*What this task involves:*
Only the text of the entries below should appear in your exact transcription; leave out every picture.

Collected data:
####

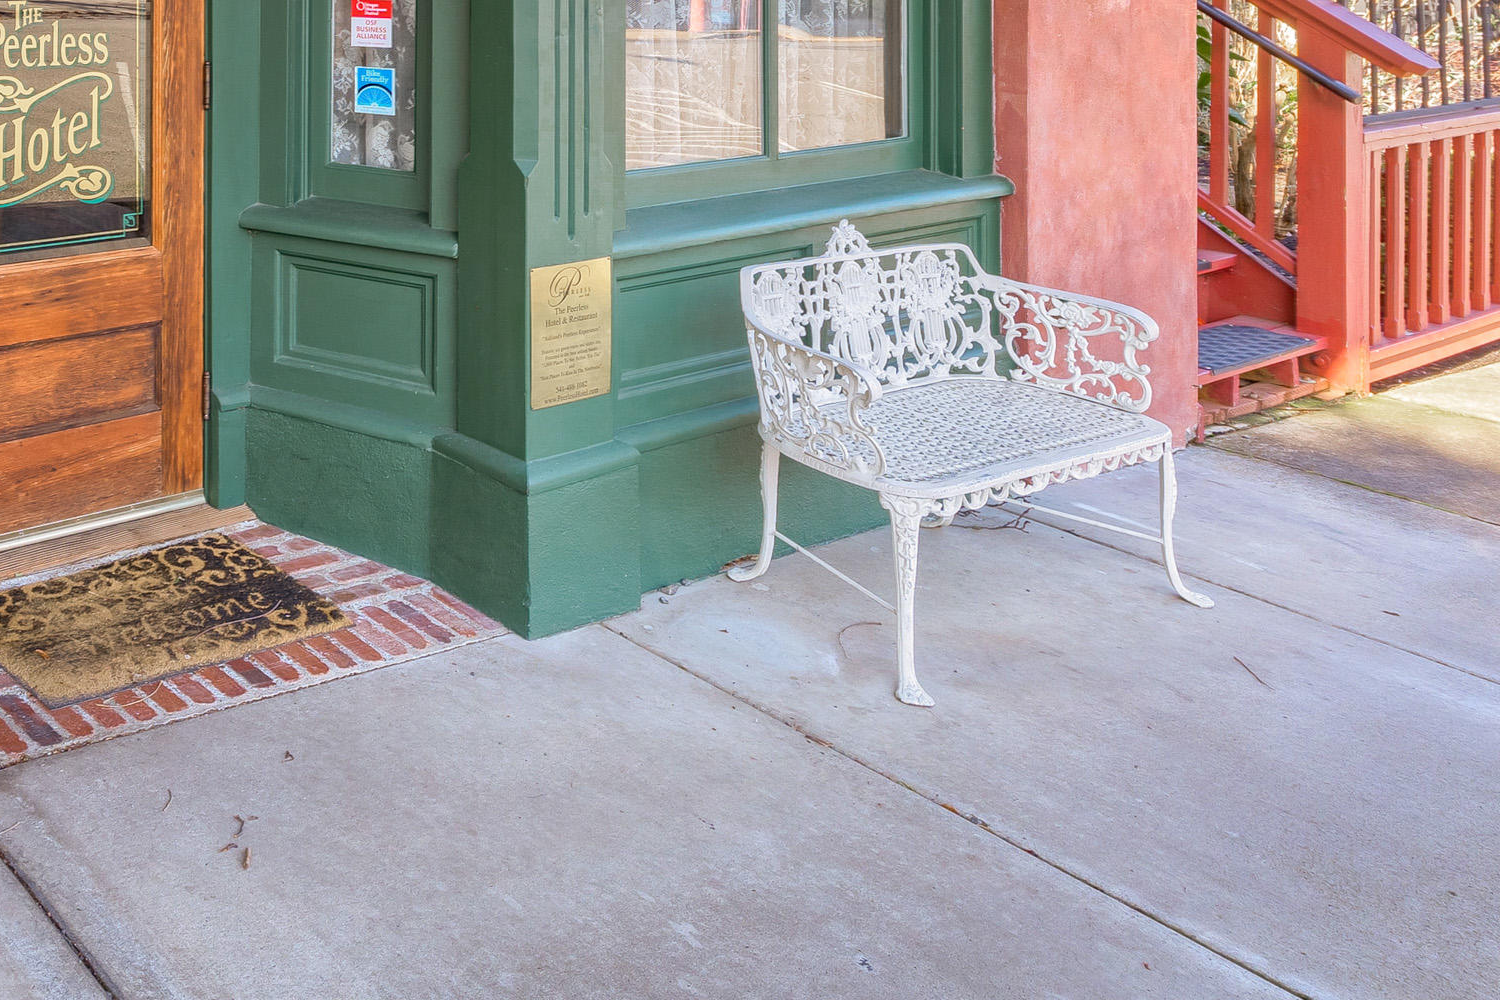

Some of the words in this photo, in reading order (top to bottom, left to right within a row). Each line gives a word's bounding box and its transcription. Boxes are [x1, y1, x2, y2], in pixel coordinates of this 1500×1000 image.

[361, 75, 389, 84] Friendly
[555, 307, 565, 316] The
[566, 304, 588, 314] Peerless
[545, 316, 561, 327] Hotel
[569, 312, 598, 323] Restaurant
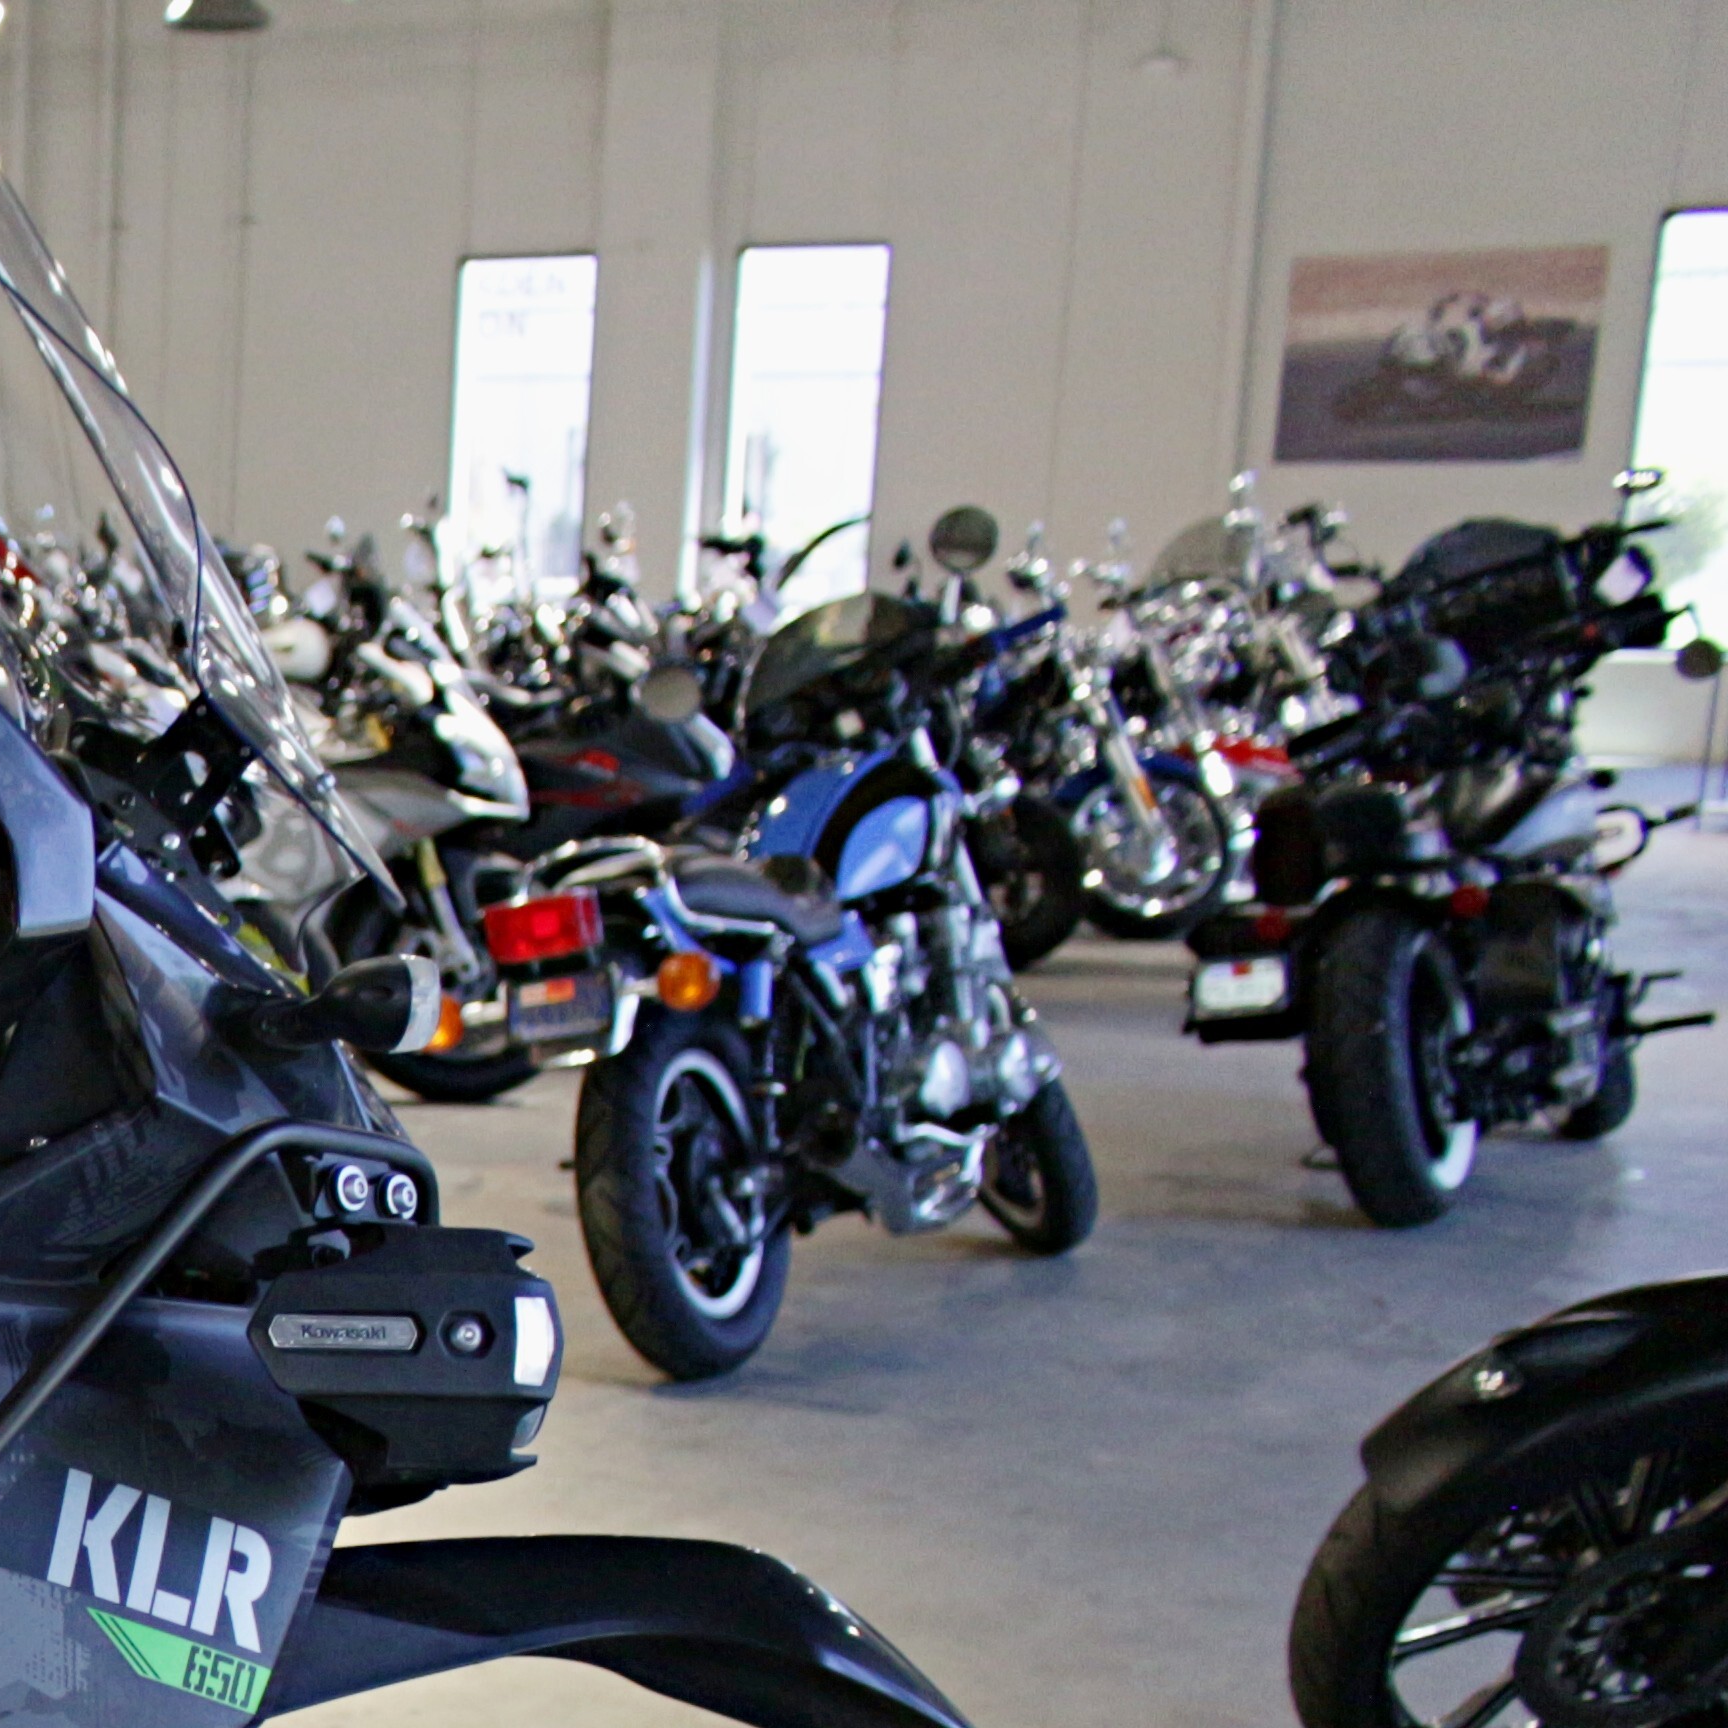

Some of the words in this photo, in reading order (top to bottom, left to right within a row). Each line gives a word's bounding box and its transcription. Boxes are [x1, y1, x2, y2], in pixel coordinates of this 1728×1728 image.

[300, 1323, 387, 1341] Kawasaki
[45, 1466, 273, 1655] KLR
[181, 1644, 258, 1708] 650

####

*Solution for this task:*
Some of the words in this photo, in reading order (top to bottom, left to right within a row). Each line gives a word's bounding box and its transcription. Boxes are [x1, y1, x2, y2], in pixel coordinates of this 1500×1000 image.

[361, 75, 389, 84] Friendly
[555, 307, 565, 316] The
[566, 304, 588, 314] Peerless
[545, 316, 561, 327] Hotel
[569, 312, 598, 323] Restaurant

Some of the words in this photo, in reading order (top to bottom, left to right within a row). Each line gives a word's bounding box and its transcription. Boxes are [x1, y1, x2, y2], in pixel coordinates of this 1728×1728 image.

[300, 1323, 387, 1341] Kawasaki
[45, 1466, 273, 1655] KLR
[181, 1644, 258, 1708] 650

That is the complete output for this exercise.